TASK STATEMENT: Please restate the following records word for word.

SUPPLIED RECORDS START

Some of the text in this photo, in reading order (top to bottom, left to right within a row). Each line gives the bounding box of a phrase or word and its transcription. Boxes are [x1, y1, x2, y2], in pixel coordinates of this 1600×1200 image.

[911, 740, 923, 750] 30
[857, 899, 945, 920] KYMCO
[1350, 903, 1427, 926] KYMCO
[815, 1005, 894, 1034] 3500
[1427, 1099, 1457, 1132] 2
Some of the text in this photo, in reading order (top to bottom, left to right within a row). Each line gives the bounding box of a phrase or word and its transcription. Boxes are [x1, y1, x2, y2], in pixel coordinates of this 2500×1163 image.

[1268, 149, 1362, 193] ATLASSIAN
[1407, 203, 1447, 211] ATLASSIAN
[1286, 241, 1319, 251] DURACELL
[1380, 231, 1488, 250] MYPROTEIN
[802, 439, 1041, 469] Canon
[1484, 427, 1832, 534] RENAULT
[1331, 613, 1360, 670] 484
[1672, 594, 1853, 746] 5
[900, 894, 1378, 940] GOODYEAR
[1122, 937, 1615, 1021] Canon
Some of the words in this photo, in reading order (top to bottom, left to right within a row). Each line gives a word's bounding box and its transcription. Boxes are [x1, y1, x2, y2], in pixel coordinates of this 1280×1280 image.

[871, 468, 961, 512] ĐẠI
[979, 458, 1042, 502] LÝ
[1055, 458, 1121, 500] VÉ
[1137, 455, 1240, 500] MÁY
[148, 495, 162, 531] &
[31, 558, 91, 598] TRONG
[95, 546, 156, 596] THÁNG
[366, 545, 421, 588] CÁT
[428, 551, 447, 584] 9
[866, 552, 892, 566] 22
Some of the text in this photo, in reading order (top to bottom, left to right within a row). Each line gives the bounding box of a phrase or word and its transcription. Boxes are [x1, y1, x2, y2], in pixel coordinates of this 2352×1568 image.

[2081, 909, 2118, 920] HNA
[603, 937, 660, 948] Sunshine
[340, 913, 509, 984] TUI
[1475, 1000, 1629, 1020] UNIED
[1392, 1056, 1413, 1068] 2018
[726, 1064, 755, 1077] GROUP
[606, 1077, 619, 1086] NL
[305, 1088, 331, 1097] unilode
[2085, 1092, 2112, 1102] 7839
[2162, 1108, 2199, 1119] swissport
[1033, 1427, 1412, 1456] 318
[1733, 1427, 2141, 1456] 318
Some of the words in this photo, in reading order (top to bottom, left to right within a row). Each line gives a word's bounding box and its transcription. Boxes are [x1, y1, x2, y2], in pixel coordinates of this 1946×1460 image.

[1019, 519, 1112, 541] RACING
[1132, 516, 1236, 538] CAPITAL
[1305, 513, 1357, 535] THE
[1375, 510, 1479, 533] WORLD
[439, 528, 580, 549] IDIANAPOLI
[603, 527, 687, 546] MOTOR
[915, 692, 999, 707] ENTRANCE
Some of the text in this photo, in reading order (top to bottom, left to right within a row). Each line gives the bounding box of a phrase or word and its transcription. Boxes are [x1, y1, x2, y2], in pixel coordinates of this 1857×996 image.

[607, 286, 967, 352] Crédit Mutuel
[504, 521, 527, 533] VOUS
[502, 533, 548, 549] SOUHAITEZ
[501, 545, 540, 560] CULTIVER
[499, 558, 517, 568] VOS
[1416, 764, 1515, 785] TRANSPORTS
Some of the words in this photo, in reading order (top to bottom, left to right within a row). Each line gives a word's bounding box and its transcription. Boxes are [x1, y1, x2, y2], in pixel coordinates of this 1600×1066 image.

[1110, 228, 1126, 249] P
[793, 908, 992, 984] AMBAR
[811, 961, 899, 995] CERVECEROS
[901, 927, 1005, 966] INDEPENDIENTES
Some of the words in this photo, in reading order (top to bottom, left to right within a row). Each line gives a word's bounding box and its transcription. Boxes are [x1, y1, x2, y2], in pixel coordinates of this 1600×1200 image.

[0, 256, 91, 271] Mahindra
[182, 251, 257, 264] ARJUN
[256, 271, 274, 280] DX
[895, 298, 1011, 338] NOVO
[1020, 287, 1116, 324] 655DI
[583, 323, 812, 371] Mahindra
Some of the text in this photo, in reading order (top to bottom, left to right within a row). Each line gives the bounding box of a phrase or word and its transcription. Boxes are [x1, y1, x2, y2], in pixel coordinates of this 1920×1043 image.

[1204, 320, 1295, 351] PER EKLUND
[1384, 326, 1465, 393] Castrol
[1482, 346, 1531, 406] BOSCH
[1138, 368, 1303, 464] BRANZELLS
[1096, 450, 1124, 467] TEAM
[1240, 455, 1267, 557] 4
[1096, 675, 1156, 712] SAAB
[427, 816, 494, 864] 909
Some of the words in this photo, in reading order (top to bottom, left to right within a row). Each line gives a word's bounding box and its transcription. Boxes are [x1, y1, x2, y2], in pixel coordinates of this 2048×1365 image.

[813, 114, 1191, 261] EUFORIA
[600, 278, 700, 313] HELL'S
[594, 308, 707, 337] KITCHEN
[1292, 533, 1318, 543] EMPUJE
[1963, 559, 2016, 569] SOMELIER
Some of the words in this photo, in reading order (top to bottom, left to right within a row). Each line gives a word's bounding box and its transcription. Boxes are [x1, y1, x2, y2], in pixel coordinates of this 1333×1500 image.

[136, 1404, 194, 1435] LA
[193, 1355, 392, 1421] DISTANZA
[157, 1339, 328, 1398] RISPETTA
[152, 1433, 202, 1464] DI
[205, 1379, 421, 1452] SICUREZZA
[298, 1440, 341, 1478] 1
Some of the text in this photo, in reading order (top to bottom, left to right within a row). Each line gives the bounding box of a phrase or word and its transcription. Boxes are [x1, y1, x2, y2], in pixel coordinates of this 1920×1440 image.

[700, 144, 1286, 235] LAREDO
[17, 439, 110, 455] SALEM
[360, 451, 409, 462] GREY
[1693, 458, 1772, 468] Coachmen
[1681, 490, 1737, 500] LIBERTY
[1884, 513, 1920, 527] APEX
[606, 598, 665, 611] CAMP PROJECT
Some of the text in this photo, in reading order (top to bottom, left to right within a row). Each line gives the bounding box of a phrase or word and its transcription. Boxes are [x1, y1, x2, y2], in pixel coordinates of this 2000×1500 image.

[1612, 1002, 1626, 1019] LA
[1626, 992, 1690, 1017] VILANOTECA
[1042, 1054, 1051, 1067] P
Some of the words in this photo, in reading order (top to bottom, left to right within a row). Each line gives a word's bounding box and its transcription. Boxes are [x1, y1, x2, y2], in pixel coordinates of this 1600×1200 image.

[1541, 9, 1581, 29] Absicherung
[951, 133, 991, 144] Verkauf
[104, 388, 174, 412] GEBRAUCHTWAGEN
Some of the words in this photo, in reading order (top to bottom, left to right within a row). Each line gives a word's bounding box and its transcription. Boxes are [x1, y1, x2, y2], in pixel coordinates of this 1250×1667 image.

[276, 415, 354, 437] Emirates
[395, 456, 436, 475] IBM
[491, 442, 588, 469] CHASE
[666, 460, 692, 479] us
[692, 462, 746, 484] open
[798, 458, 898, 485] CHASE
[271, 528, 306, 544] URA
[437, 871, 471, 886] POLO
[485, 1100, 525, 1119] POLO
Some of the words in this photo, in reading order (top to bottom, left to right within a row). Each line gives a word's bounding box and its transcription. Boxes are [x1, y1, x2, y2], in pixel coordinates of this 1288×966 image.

SUPPLIED RECORDS END

ANSWER TO THIS PROBLEM:
Some of the text in this photo, in reading order (top to bottom, left to right within a row). Each line gives the bounding box of a phrase or word and its transcription. Boxes are [x1, y1, x2, y2], in pixel coordinates of this 1600×1200 image.

[911, 740, 923, 750] 30
[857, 899, 945, 920] KYMCO
[1350, 903, 1427, 926] KYMCO
[815, 1005, 894, 1034] 3500
[1427, 1099, 1457, 1132] 2
Some of the text in this photo, in reading order (top to bottom, left to right within a row). Each line gives the bounding box of a phrase or word and its transcription. Boxes are [x1, y1, x2, y2], in pixel coordinates of this 2500×1163 image.

[1268, 149, 1362, 193] ATLASSIAN
[1407, 203, 1447, 211] ATLASSIAN
[1286, 241, 1319, 251] DURACELL
[1380, 231, 1488, 250] MYPROTEIN
[802, 439, 1041, 469] Canon
[1484, 427, 1832, 534] RENAULT
[1331, 613, 1360, 670] 484
[1672, 594, 1853, 746] 5
[900, 894, 1378, 940] GOODYEAR
[1122, 937, 1615, 1021] Canon
Some of the words in this photo, in reading order (top to bottom, left to right within a row). Each line gives a word's bounding box and its transcription. Boxes are [x1, y1, x2, y2], in pixel coordinates of this 1280×1280 image.

[871, 468, 961, 512] ĐẠI
[979, 458, 1042, 502] LÝ
[1055, 458, 1121, 500] VÉ
[1137, 455, 1240, 500] MÁY
[148, 495, 162, 531] &
[31, 558, 91, 598] TRONG
[95, 546, 156, 596] THÁNG
[366, 545, 421, 588] CÁT
[428, 551, 447, 584] 9
[866, 552, 892, 566] 22
Some of the text in this photo, in reading order (top to bottom, left to right within a row). Each line gives the bounding box of a phrase or word and its transcription. Boxes are [x1, y1, x2, y2], in pixel coordinates of this 2352×1568 image.

[2081, 909, 2118, 920] HNA
[603, 937, 660, 948] Sunshine
[340, 913, 509, 984] TUI
[1475, 1000, 1629, 1020] UNIED
[1392, 1056, 1413, 1068] 2018
[726, 1064, 755, 1077] GROUP
[606, 1077, 619, 1086] NL
[305, 1088, 331, 1097] unilode
[2085, 1092, 2112, 1102] 7839
[2162, 1108, 2199, 1119] swissport
[1033, 1427, 1412, 1456] 318
[1733, 1427, 2141, 1456] 318
Some of the words in this photo, in reading order (top to bottom, left to right within a row). Each line gives a word's bounding box and its transcription. Boxes are [x1, y1, x2, y2], in pixel coordinates of this 1946×1460 image.

[1019, 519, 1112, 541] RACING
[1132, 516, 1236, 538] CAPITAL
[1305, 513, 1357, 535] THE
[1375, 510, 1479, 533] WORLD
[439, 528, 580, 549] IDIANAPOLI
[603, 527, 687, 546] MOTOR
[915, 692, 999, 707] ENTRANCE
Some of the text in this photo, in reading order (top to bottom, left to right within a row). Each line gives the bounding box of a phrase or word and its transcription. Boxes are [x1, y1, x2, y2], in pixel coordinates of this 1857×996 image.

[607, 286, 967, 352] Crédit Mutuel
[504, 521, 527, 533] VOUS
[502, 533, 548, 549] SOUHAITEZ
[501, 545, 540, 560] CULTIVER
[499, 558, 517, 568] VOS
[1416, 764, 1515, 785] TRANSPORTS
Some of the words in this photo, in reading order (top to bottom, left to right within a row). Each line gives a word's bounding box and its transcription. Boxes are [x1, y1, x2, y2], in pixel coordinates of this 1600×1066 image.

[1110, 228, 1126, 249] P
[793, 908, 992, 984] AMBAR
[811, 961, 899, 995] CERVECEROS
[901, 927, 1005, 966] INDEPENDIENTES
Some of the words in this photo, in reading order (top to bottom, left to right within a row). Each line gives a word's bounding box and its transcription. Boxes are [x1, y1, x2, y2], in pixel coordinates of this 1600×1200 image.

[0, 256, 91, 271] Mahindra
[182, 251, 257, 264] ARJUN
[256, 271, 274, 280] DX
[895, 298, 1011, 338] NOVO
[1020, 287, 1116, 324] 655DI
[583, 323, 812, 371] Mahindra
Some of the text in this photo, in reading order (top to bottom, left to right within a row). Each line gives the bounding box of a phrase or word and its transcription. Boxes are [x1, y1, x2, y2], in pixel coordinates of this 1920×1043 image.

[1204, 320, 1295, 351] PER EKLUND
[1384, 326, 1465, 393] Castrol
[1482, 346, 1531, 406] BOSCH
[1138, 368, 1303, 464] BRANZELLS
[1096, 450, 1124, 467] TEAM
[1240, 455, 1267, 557] 4
[1096, 675, 1156, 712] SAAB
[427, 816, 494, 864] 909
Some of the words in this photo, in reading order (top to bottom, left to right within a row). Each line gives a word's bounding box and its transcription. Boxes are [x1, y1, x2, y2], in pixel coordinates of this 2048×1365 image.

[813, 114, 1191, 261] EUFORIA
[600, 278, 700, 313] HELL'S
[594, 308, 707, 337] KITCHEN
[1292, 533, 1318, 543] EMPUJE
[1963, 559, 2016, 569] SOMELIER
Some of the words in this photo, in reading order (top to bottom, left to right within a row). Each line gives a word's bounding box and its transcription. Boxes are [x1, y1, x2, y2], in pixel coordinates of this 1333×1500 image.

[136, 1404, 194, 1435] LA
[193, 1355, 392, 1421] DISTANZA
[157, 1339, 328, 1398] RISPETTA
[152, 1433, 202, 1464] DI
[205, 1379, 421, 1452] SICUREZZA
[298, 1440, 341, 1478] 1
Some of the text in this photo, in reading order (top to bottom, left to right within a row). Each line gives the bounding box of a phrase or word and its transcription. Boxes are [x1, y1, x2, y2], in pixel coordinates of this 1920×1440 image.

[700, 144, 1286, 235] LAREDO
[17, 439, 110, 455] SALEM
[360, 451, 409, 462] GREY
[1693, 458, 1772, 468] Coachmen
[1681, 490, 1737, 500] LIBERTY
[1884, 513, 1920, 527] APEX
[606, 598, 665, 611] CAMP PROJECT
Some of the text in this photo, in reading order (top to bottom, left to right within a row). Each line gives the bounding box of a phrase or word and its transcription. Boxes are [x1, y1, x2, y2], in pixel coordinates of this 2000×1500 image.

[1612, 1002, 1626, 1019] LA
[1626, 992, 1690, 1017] VILANOTECA
[1042, 1054, 1051, 1067] P
Some of the words in this photo, in reading order (top to bottom, left to right within a row). Each line gives a word's bounding box and its transcription. Boxes are [x1, y1, x2, y2], in pixel coordinates of this 1600×1200 image.

[1541, 9, 1581, 29] Absicherung
[951, 133, 991, 144] Verkauf
[104, 388, 174, 412] GEBRAUCHTWAGEN
Some of the words in this photo, in reading order (top to bottom, left to right within a row). Each line gives a word's bounding box and its transcription. Boxes are [x1, y1, x2, y2], in pixel coordinates of this 1250×1667 image.

[276, 415, 354, 437] Emirates
[395, 456, 436, 475] IBM
[491, 442, 588, 469] CHASE
[666, 460, 692, 479] us
[692, 462, 746, 484] open
[798, 458, 898, 485] CHASE
[271, 528, 306, 544] URA
[437, 871, 471, 886] POLO
[485, 1100, 525, 1119] POLO
Some of the words in this photo, in reading order (top to bottom, left to right within a row). Each line gives a word's bounding box and its transcription. Boxes are [x1, y1, x2, y2], in pixel coordinates of this 1288×966 image.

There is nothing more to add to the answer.